L’état-major ukrainien affirme que les forces russes ont violé le cessez-le-feu à 2.299 reprises. De son côté, le ministère russe de la Défense évoque 1.971 violations imputées à Kiev. Les deux camps dénoncent des frappes d’artillerie, des attaques de drones et des opérations terrestres, malgré l’accord temporaire.Ces chiffres illustrent une réalité constante depuis le début de la guerre : même lors de pauses annoncées, les combats ne cessent jamais complètement.

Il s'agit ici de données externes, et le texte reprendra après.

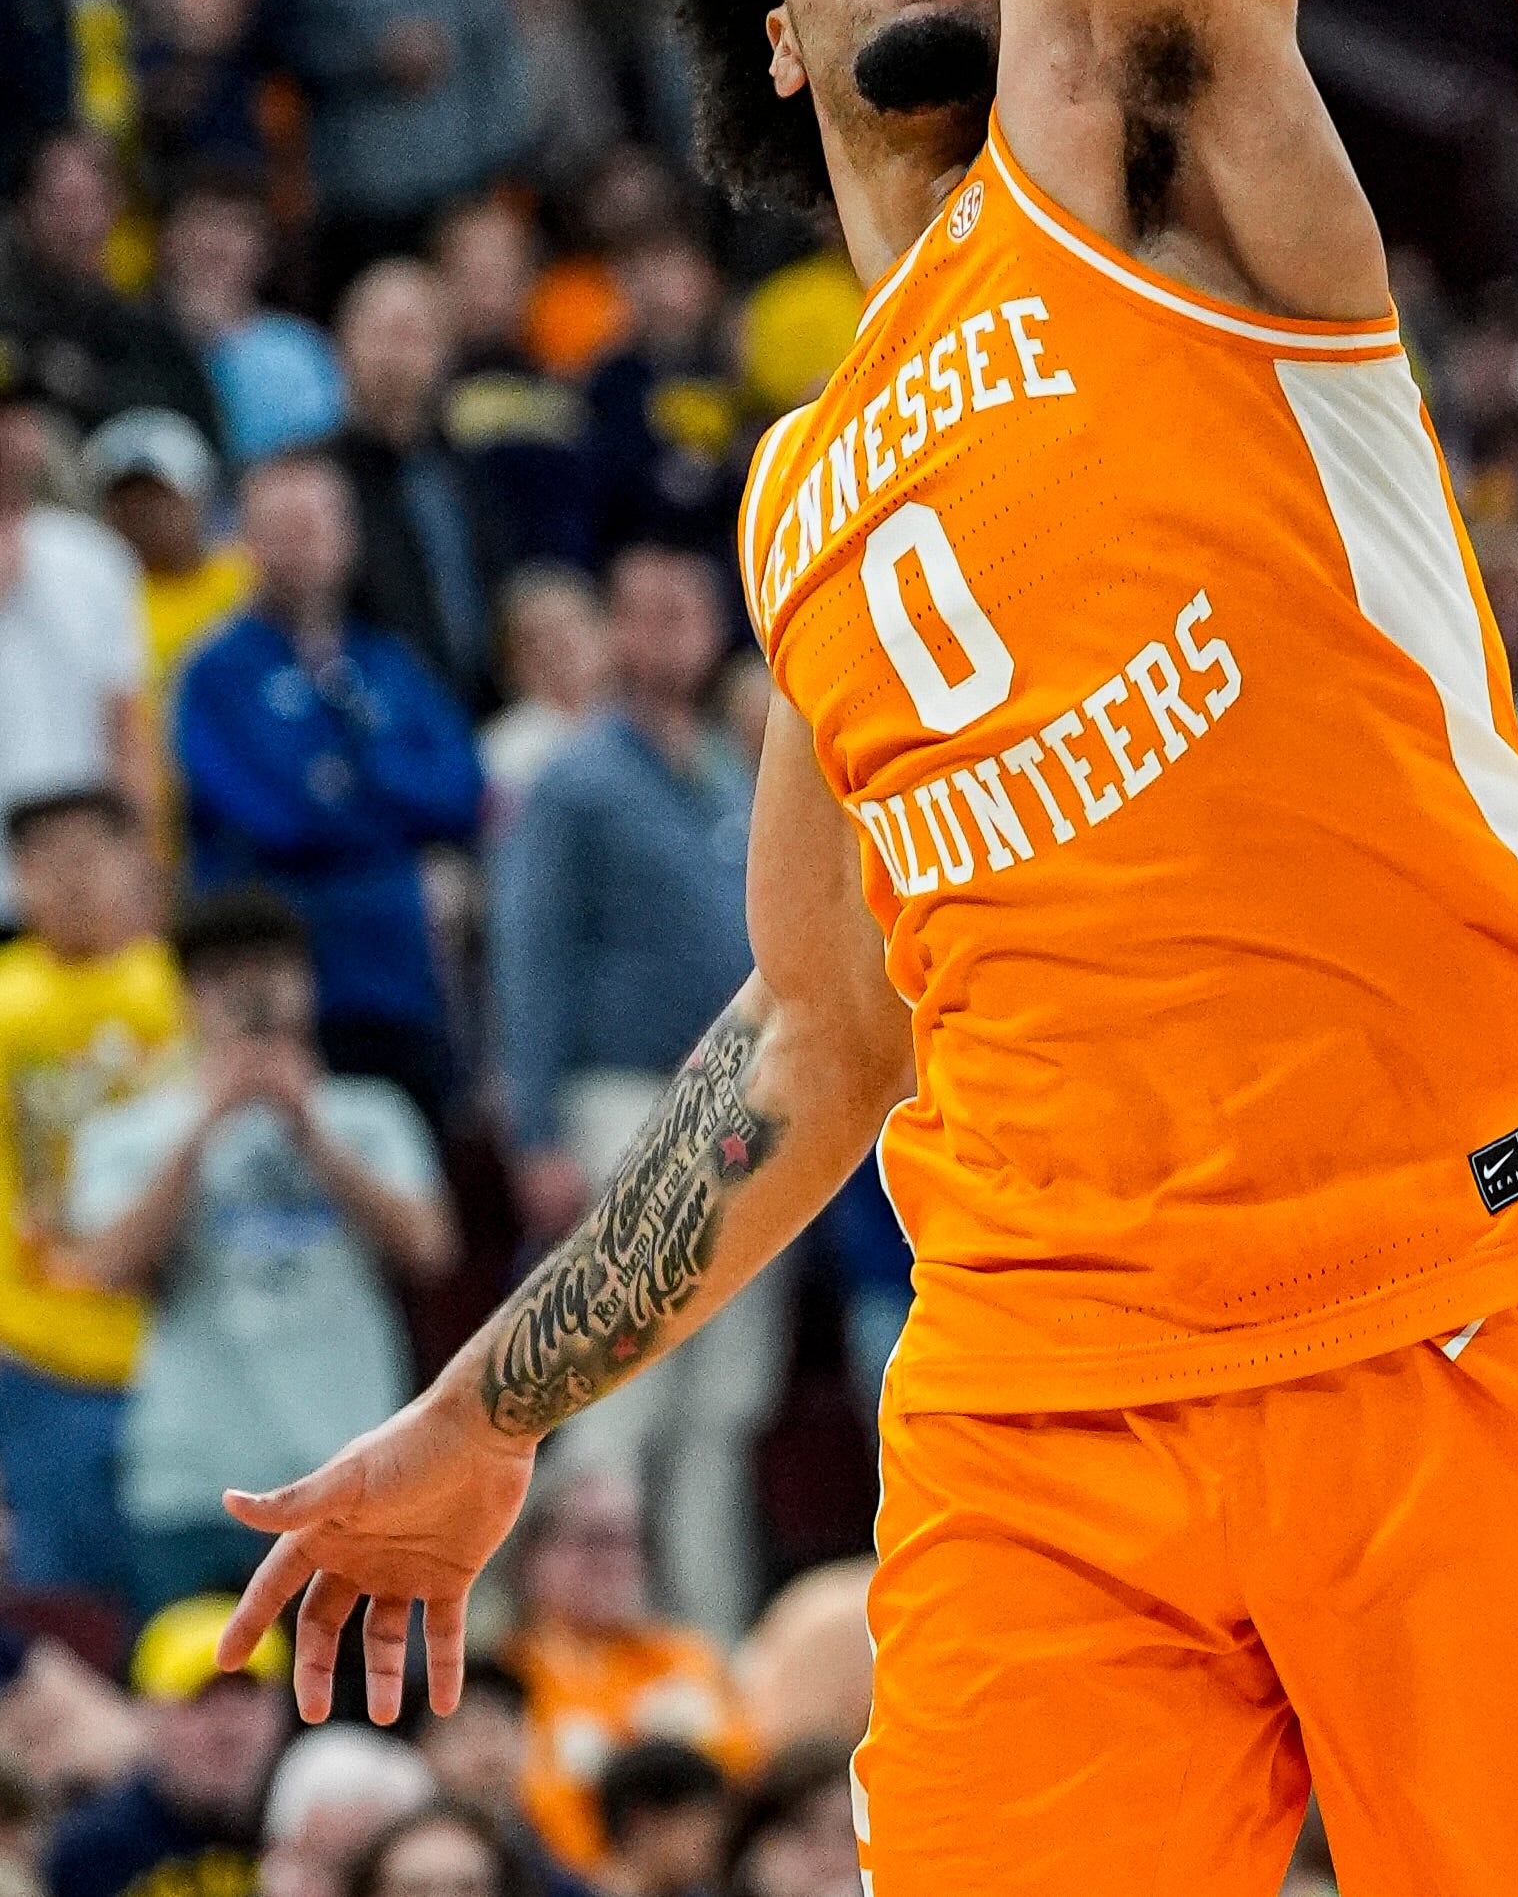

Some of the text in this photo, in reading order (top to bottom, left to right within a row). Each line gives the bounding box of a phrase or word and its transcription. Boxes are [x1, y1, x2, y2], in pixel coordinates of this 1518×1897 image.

Un calme relatif malgré les tensions
Malgré ces accusations croisées, certains signes indiquent une baisse partielle de l’intensité des combats. L’Ukraine souligne notamment l’absence d’attaques massives de drones longue portée ou de missiles, habituellement fréquentes. Sur certains fronts, le calme a permis des moments rares. Dans la région de Kharkiv, des soldats ukrainiens ont pu assister à une messe de Pâques, profitant d’un répit inhabituel. Un contraste frappant avec d’autres zones où les hostilités ont continué. Des incidents ponctuels ont toutefois été signalés. En Russie, dans la région de Koursk, une attaque de drone aurait fait trois blessés, dont un bébé. Côté ukrainien, une ambulance a été visée dans la région de Soumy, blessant trois soignants.
Une trêve symbolique sans impact durable
Ce nouvel épisode rappelle une situation déjà observée l’an dernier lors d’une trêve similaire, également marquée par des violations répétées. Sur le front long de 1.200 kilomètres, la mise en œuvre effective d’un cessez-le-feu reste extrêmement difficile. Depuis l’invasion lancée en 2022, les tentatives de médiation n’ont pas permis d’aboutir à un accord durable. Les discussions restent dans l’impasse, tandis que les combats continuent de faire des centaines de milliers de victimes et de provoquer des déplacements massifs de populations.
Kiev continue de plaider pour une trêve prolongée afin d’ouvrir la voie à desفاوضations. Moscou s’y oppose, estimant qu’un arrêt des combats permettrait à l’armée ukrainienne de se renforcer. Dans ce contexte, cette trêve pascale apparaît surtout comme un geste symbolique, sans réelle portée sur l’évolution du conflit.